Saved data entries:
= Beginning of Section =

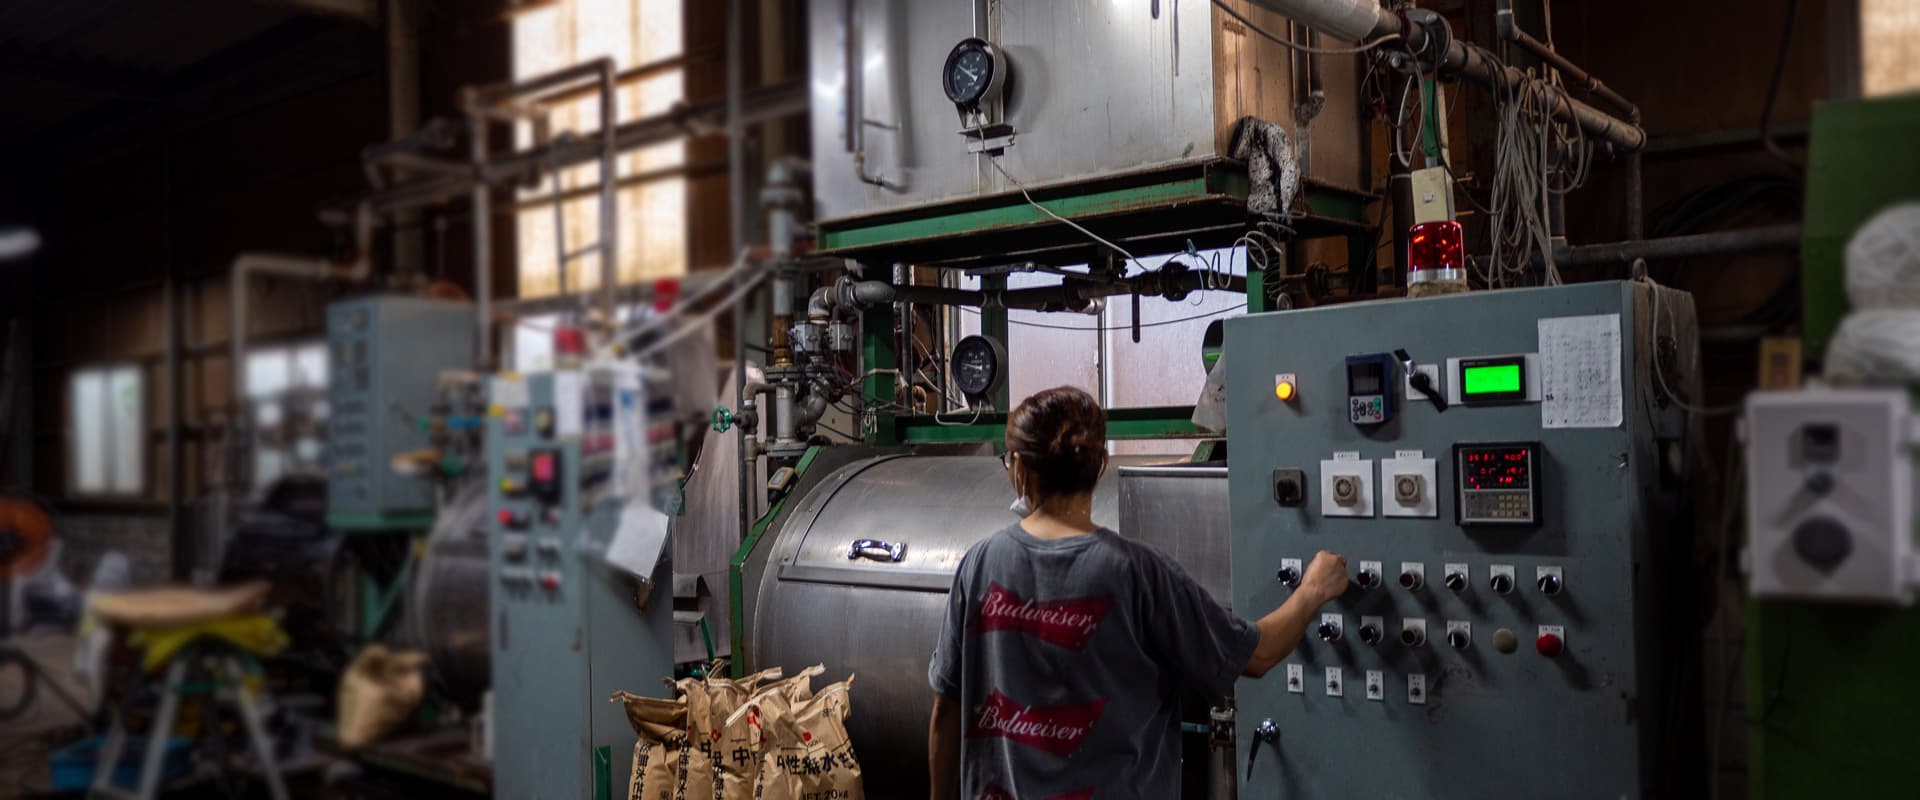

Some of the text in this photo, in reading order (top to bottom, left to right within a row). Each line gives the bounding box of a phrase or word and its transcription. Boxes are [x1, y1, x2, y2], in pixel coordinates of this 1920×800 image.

[976, 591, 1097, 635] Budweiser
[973, 704, 1095, 741] Budweiser
[733, 742, 758, 768] 中
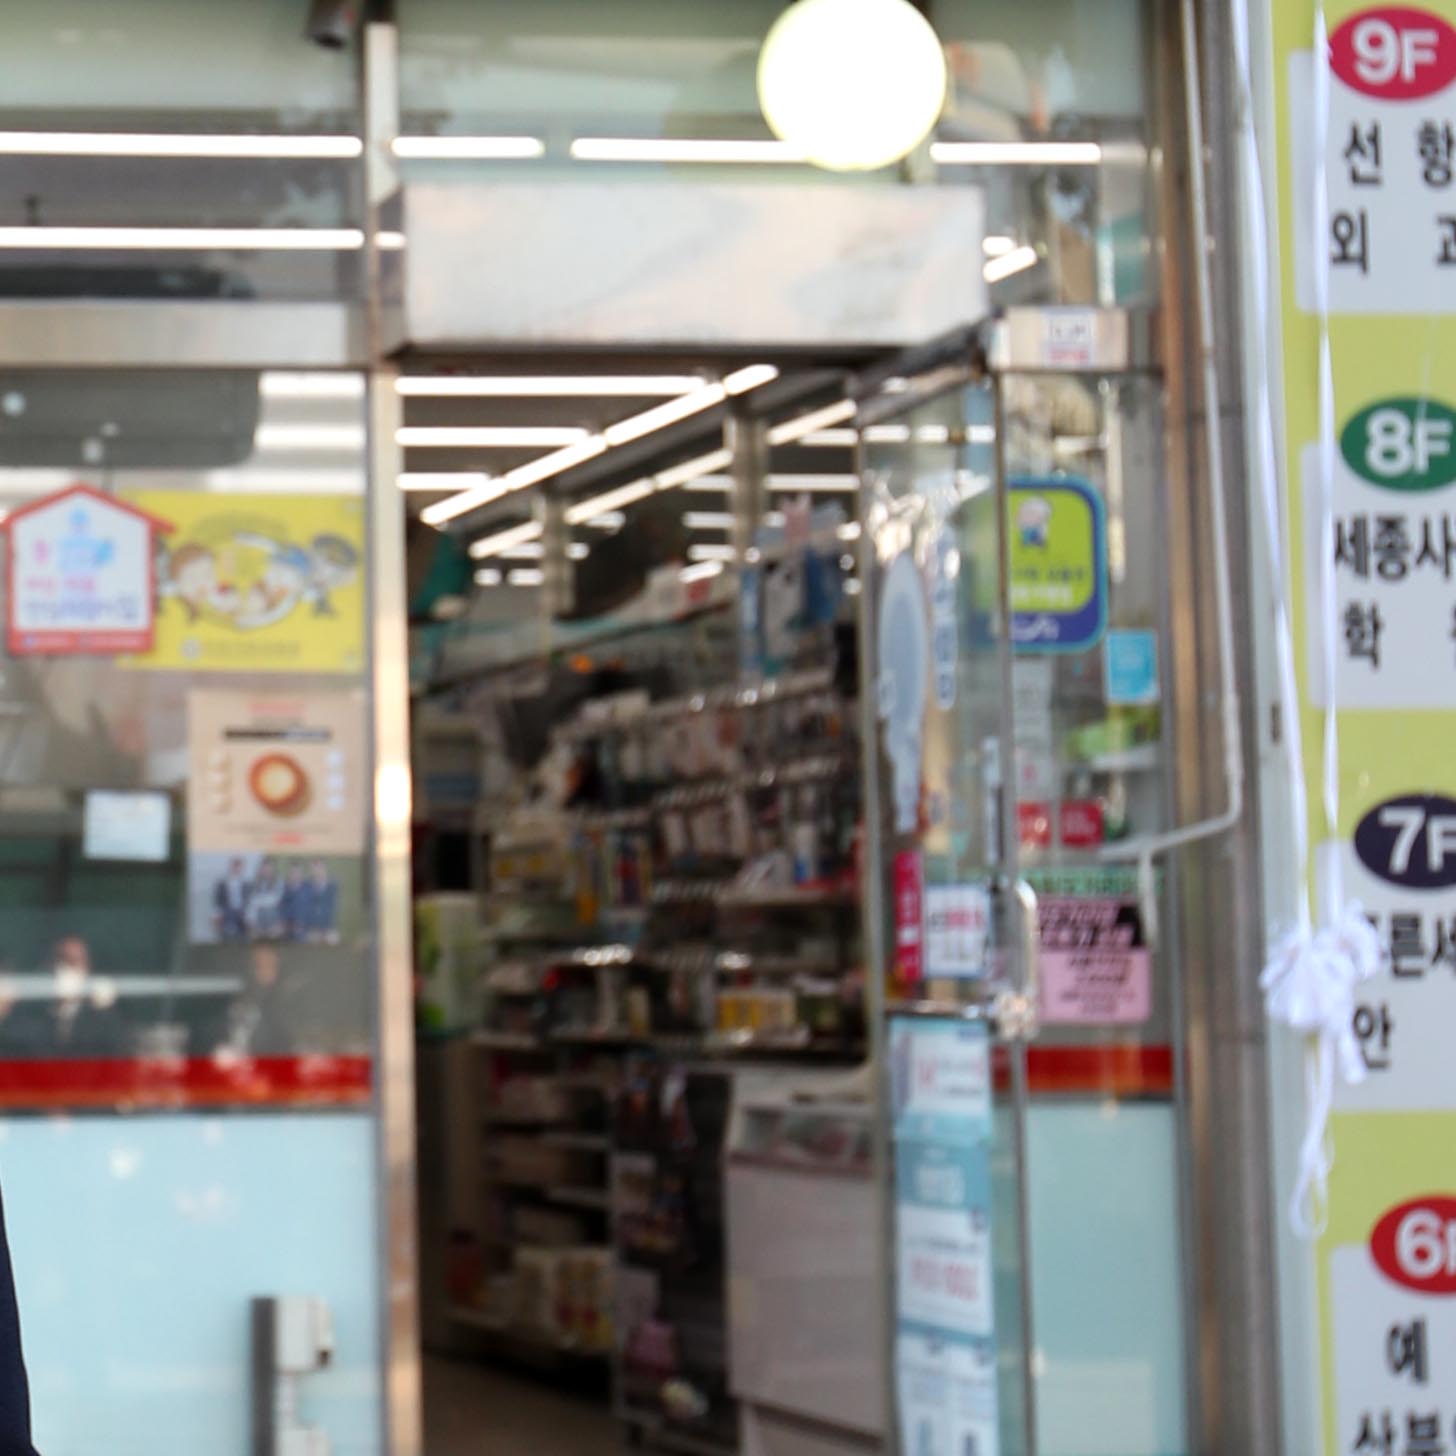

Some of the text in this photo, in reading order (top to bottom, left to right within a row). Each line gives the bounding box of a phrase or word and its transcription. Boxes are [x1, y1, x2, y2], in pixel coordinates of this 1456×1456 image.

[1350, 17, 1440, 85] 9F
[1330, 208, 1369, 275] 외
[1364, 406, 1453, 477] 8F
[1343, 600, 1383, 672] 학
[1377, 805, 1456, 875] 7F
[1352, 1001, 1394, 1070] 안
[1395, 1208, 1456, 1279] 6
[1385, 1318, 1428, 1384] 예
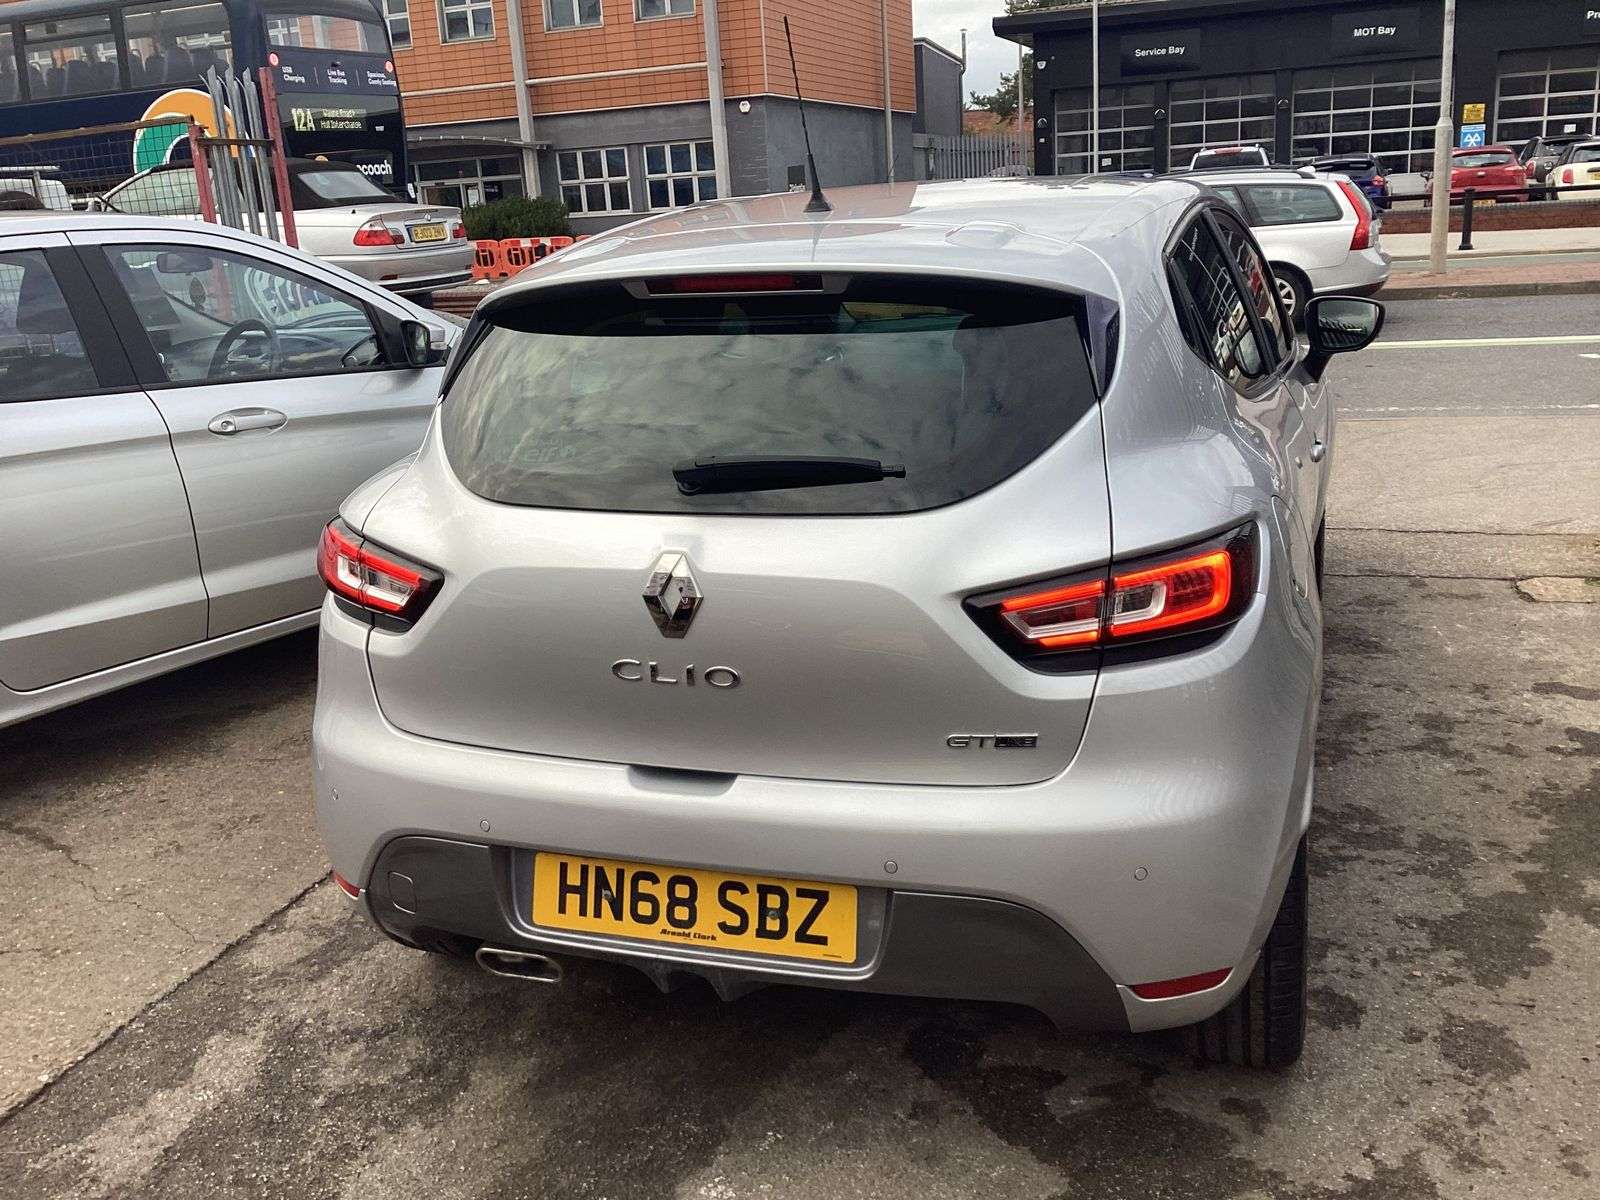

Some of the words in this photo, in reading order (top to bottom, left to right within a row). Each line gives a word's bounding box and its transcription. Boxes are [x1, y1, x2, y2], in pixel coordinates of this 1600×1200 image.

[1353, 27, 1376, 37] MOT
[1378, 26, 1396, 36] Bay
[1135, 48, 1167, 57] Service
[1168, 46, 1185, 55] Bay
[283, 74, 305, 83] Charging
[328, 76, 348, 85] Tracking
[291, 107, 316, 132] 12A
[612, 658, 741, 687] CLIO
[557, 861, 699, 930] HN68
[717, 880, 831, 946] SBZ
[660, 928, 691, 938] Arnold
[693, 932, 717, 941] Clark
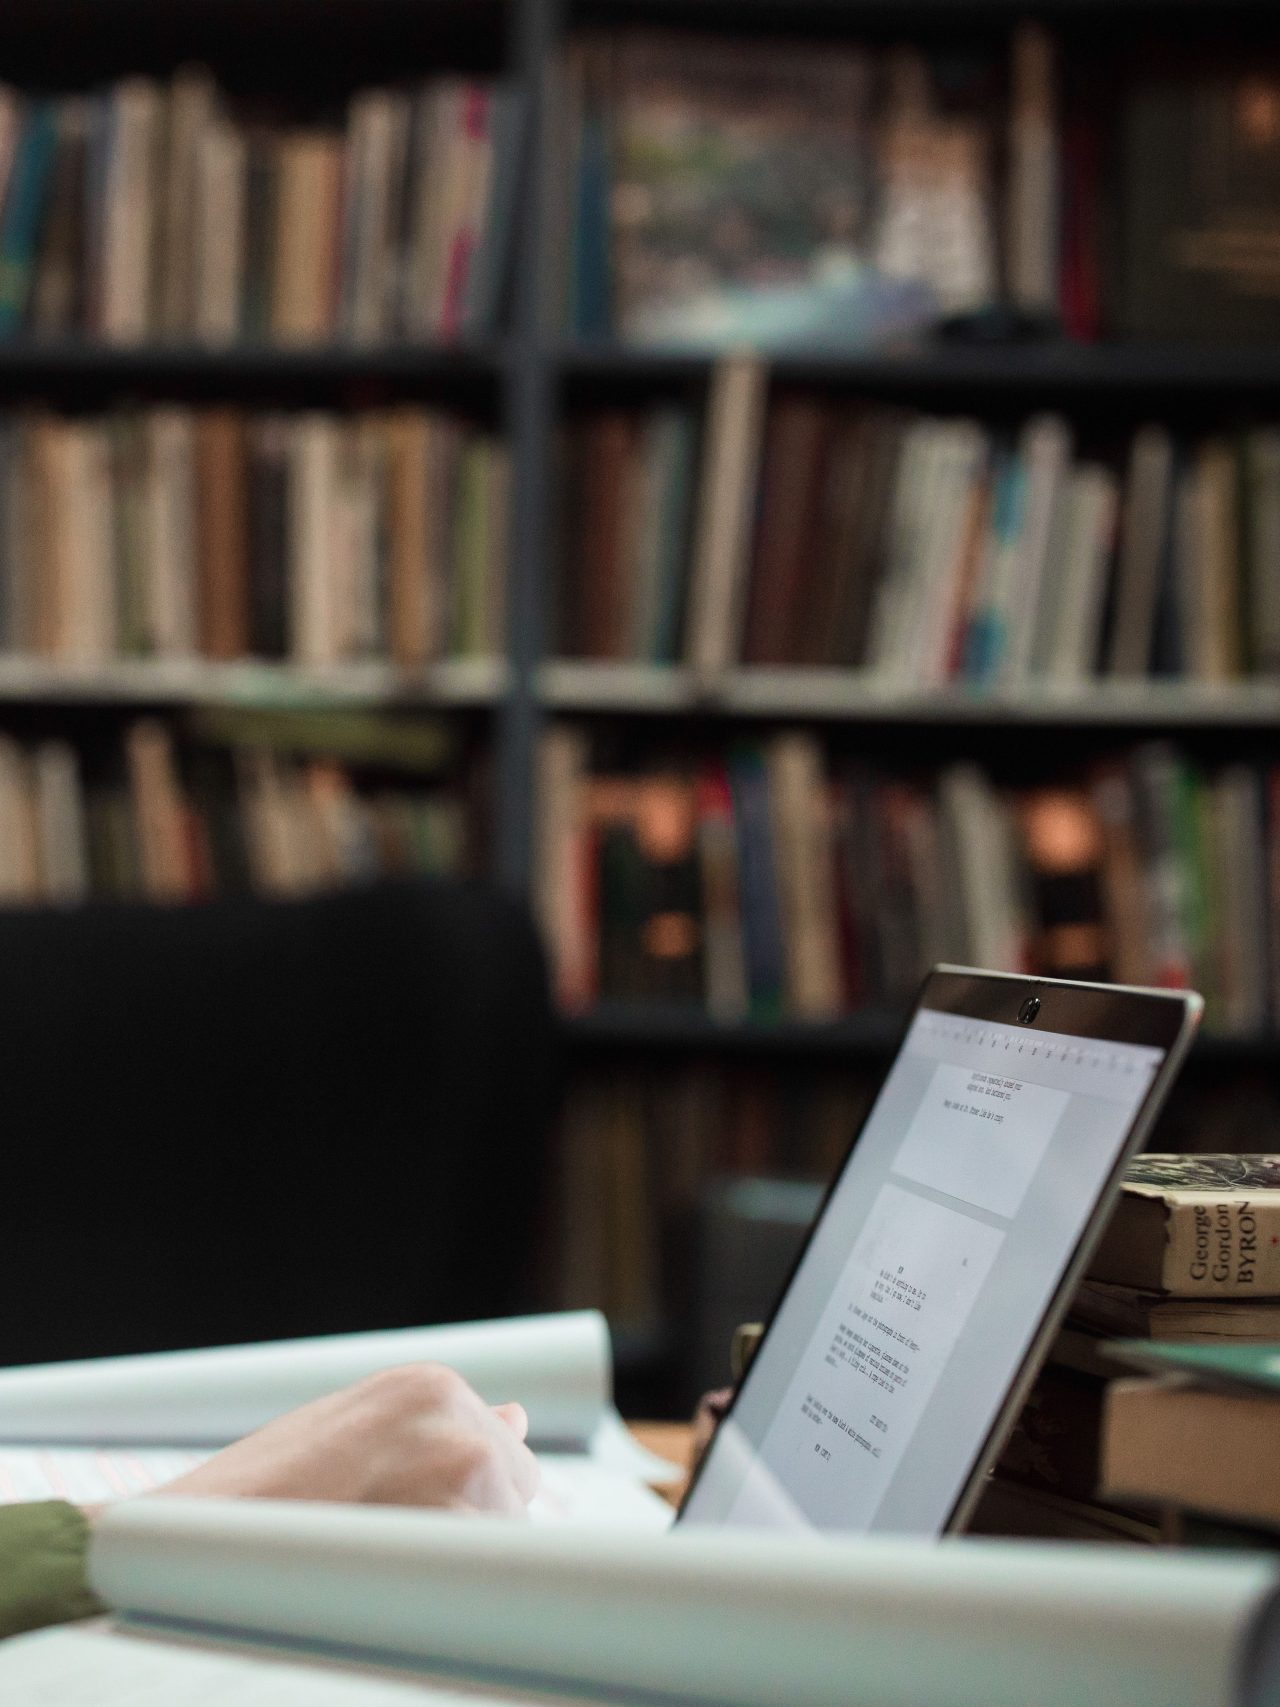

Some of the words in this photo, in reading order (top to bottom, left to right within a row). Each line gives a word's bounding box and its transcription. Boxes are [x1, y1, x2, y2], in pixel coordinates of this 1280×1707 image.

[1190, 1205, 1211, 1280] George
[1212, 1203, 1232, 1282] Gordon
[1236, 1200, 1257, 1283] BYRON

= End of Section =

## Work request
Omit every picture, then repeat the remaining data exactly as it appears above.

## Task output
Some of the text in this photo, in reading order (top to bottom, left to right within a row). Each line gives the bounding box of a phrase or word and its transcription. Boxes are [x1, y1, x2, y2], in pixel coordinates of this 1920×800 image.

[976, 591, 1097, 635] Budweiser
[973, 704, 1095, 741] Budweiser
[733, 742, 758, 768] 中

Some of the text in this photo, in reading order (top to bottom, left to right within a row). Each line gives the bounding box of a phrase or word and its transcription. Boxes are [x1, y1, x2, y2], in pixel coordinates of this 1456×1456 image.

[1350, 17, 1440, 85] 9F
[1330, 208, 1369, 275] 외
[1364, 406, 1453, 477] 8F
[1343, 600, 1383, 672] 학
[1377, 805, 1456, 875] 7F
[1352, 1001, 1394, 1070] 안
[1395, 1208, 1456, 1279] 6
[1385, 1318, 1428, 1384] 예

Some of the words in this photo, in reading order (top to bottom, left to right within a row). Each line gives a word's bounding box and its transcription. Boxes are [x1, y1, x2, y2], in pixel coordinates of this 1600×1200 image.

[1353, 27, 1376, 37] MOT
[1378, 26, 1396, 36] Bay
[1135, 48, 1167, 57] Service
[1168, 46, 1185, 55] Bay
[283, 74, 305, 83] Charging
[328, 76, 348, 85] Tracking
[291, 107, 316, 132] 12A
[612, 658, 741, 687] CLIO
[557, 861, 699, 930] HN68
[717, 880, 831, 946] SBZ
[660, 928, 691, 938] Arnold
[693, 932, 717, 941] Clark

Some of the words in this photo, in reading order (top to bottom, left to right within a row). Each line gives a word's bounding box and its transcription. Boxes are [x1, y1, x2, y2], in pixel coordinates of this 1280×1707 image.

[1190, 1205, 1211, 1280] George
[1212, 1203, 1232, 1282] Gordon
[1236, 1200, 1257, 1283] BYRON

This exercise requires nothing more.